[[ Supplied information, beginning ]]

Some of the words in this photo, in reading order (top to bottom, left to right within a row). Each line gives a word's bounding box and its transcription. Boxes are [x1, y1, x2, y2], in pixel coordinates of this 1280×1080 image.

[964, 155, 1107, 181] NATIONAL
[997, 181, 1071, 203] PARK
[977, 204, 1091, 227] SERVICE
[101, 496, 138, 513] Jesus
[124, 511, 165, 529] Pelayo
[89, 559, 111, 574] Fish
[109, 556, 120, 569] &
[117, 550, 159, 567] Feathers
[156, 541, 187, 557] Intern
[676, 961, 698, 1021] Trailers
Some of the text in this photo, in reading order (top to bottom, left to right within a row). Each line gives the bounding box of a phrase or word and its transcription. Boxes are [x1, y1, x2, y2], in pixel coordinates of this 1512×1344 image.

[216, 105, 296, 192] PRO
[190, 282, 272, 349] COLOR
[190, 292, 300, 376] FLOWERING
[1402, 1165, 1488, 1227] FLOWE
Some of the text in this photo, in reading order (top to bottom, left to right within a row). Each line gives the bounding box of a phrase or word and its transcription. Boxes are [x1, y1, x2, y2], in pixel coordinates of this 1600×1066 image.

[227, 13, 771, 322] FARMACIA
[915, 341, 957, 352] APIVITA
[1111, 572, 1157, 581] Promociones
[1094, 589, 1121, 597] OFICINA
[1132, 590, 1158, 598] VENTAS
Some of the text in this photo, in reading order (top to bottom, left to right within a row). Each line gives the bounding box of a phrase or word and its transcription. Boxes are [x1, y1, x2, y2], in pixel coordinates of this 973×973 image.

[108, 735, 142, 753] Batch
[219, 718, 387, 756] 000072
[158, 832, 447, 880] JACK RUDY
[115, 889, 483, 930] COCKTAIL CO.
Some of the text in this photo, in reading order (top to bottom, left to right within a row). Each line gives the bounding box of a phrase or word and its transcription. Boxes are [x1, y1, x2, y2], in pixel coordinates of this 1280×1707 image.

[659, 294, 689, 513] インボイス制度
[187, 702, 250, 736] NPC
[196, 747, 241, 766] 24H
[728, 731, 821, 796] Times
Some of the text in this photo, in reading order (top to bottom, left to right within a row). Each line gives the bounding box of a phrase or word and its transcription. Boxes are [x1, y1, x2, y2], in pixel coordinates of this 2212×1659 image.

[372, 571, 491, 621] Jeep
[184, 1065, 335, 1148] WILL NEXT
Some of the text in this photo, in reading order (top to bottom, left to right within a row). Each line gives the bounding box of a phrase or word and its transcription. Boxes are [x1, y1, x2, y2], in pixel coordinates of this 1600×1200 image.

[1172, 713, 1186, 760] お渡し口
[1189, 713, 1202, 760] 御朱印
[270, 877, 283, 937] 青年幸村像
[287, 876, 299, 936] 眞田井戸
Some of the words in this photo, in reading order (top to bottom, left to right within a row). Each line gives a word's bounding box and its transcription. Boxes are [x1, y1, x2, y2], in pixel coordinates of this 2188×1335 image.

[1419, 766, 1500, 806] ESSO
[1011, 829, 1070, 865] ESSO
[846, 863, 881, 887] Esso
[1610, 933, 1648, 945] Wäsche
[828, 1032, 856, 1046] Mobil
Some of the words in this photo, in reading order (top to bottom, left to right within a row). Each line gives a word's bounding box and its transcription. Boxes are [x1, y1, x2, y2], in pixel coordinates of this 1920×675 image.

[[ Supplied information, end ]]

**Work item:**
Output every record above in full, exactly as it reads.

**Solution to this problem:**
Some of the words in this photo, in reading order (top to bottom, left to right within a row). Each line gives a word's bounding box and its transcription. Boxes are [x1, y1, x2, y2], in pixel coordinates of this 1280×1080 image.

[964, 155, 1107, 181] NATIONAL
[997, 181, 1071, 203] PARK
[977, 204, 1091, 227] SERVICE
[101, 496, 138, 513] Jesus
[124, 511, 165, 529] Pelayo
[89, 559, 111, 574] Fish
[109, 556, 120, 569] &
[117, 550, 159, 567] Feathers
[156, 541, 187, 557] Intern
[676, 961, 698, 1021] Trailers
Some of the text in this photo, in reading order (top to bottom, left to right within a row). Each line gives the bounding box of a phrase or word and its transcription. Boxes are [x1, y1, x2, y2], in pixel coordinates of this 1512×1344 image.

[216, 105, 296, 192] PRO
[190, 282, 272, 349] COLOR
[190, 292, 300, 376] FLOWERING
[1402, 1165, 1488, 1227] FLOWE
Some of the text in this photo, in reading order (top to bottom, left to right within a row). Each line gives the bounding box of a phrase or word and its transcription. Boxes are [x1, y1, x2, y2], in pixel coordinates of this 1600×1066 image.

[227, 13, 771, 322] FARMACIA
[915, 341, 957, 352] APIVITA
[1111, 572, 1157, 581] Promociones
[1094, 589, 1121, 597] OFICINA
[1132, 590, 1158, 598] VENTAS
Some of the text in this photo, in reading order (top to bottom, left to right within a row). Each line gives the bounding box of a phrase or word and its transcription. Boxes are [x1, y1, x2, y2], in pixel coordinates of this 973×973 image.

[108, 735, 142, 753] Batch
[219, 718, 387, 756] 000072
[158, 832, 447, 880] JACK RUDY
[115, 889, 483, 930] COCKTAIL CO.
Some of the text in this photo, in reading order (top to bottom, left to right within a row). Each line gives the bounding box of a phrase or word and its transcription. Boxes are [x1, y1, x2, y2], in pixel coordinates of this 1280×1707 image.

[659, 294, 689, 513] インボイス制度
[187, 702, 250, 736] NPC
[196, 747, 241, 766] 24H
[728, 731, 821, 796] Times
Some of the text in this photo, in reading order (top to bottom, left to right within a row). Each line gives the bounding box of a phrase or word and its transcription. Boxes are [x1, y1, x2, y2], in pixel coordinates of this 2212×1659 image.

[372, 571, 491, 621] Jeep
[184, 1065, 335, 1148] WILL NEXT
Some of the text in this photo, in reading order (top to bottom, left to right within a row). Each line gives the bounding box of a phrase or word and its transcription. Boxes are [x1, y1, x2, y2], in pixel coordinates of this 1600×1200 image.

[1172, 713, 1186, 760] お渡し口
[1189, 713, 1202, 760] 御朱印
[270, 877, 283, 937] 青年幸村像
[287, 876, 299, 936] 眞田井戸
Some of the words in this photo, in reading order (top to bottom, left to right within a row). Each line gives a word's bounding box and its transcription. Boxes are [x1, y1, x2, y2], in pixel coordinates of this 2188×1335 image.

[1419, 766, 1500, 806] ESSO
[1011, 829, 1070, 865] ESSO
[846, 863, 881, 887] Esso
[1610, 933, 1648, 945] Wäsche
[828, 1032, 856, 1046] Mobil
Some of the words in this photo, in reading order (top to bottom, left to right within a row). Each line gives a word's bounding box and its transcription. Boxes are [x1, y1, x2, y2], in pixel coordinates of this 1920×675 image.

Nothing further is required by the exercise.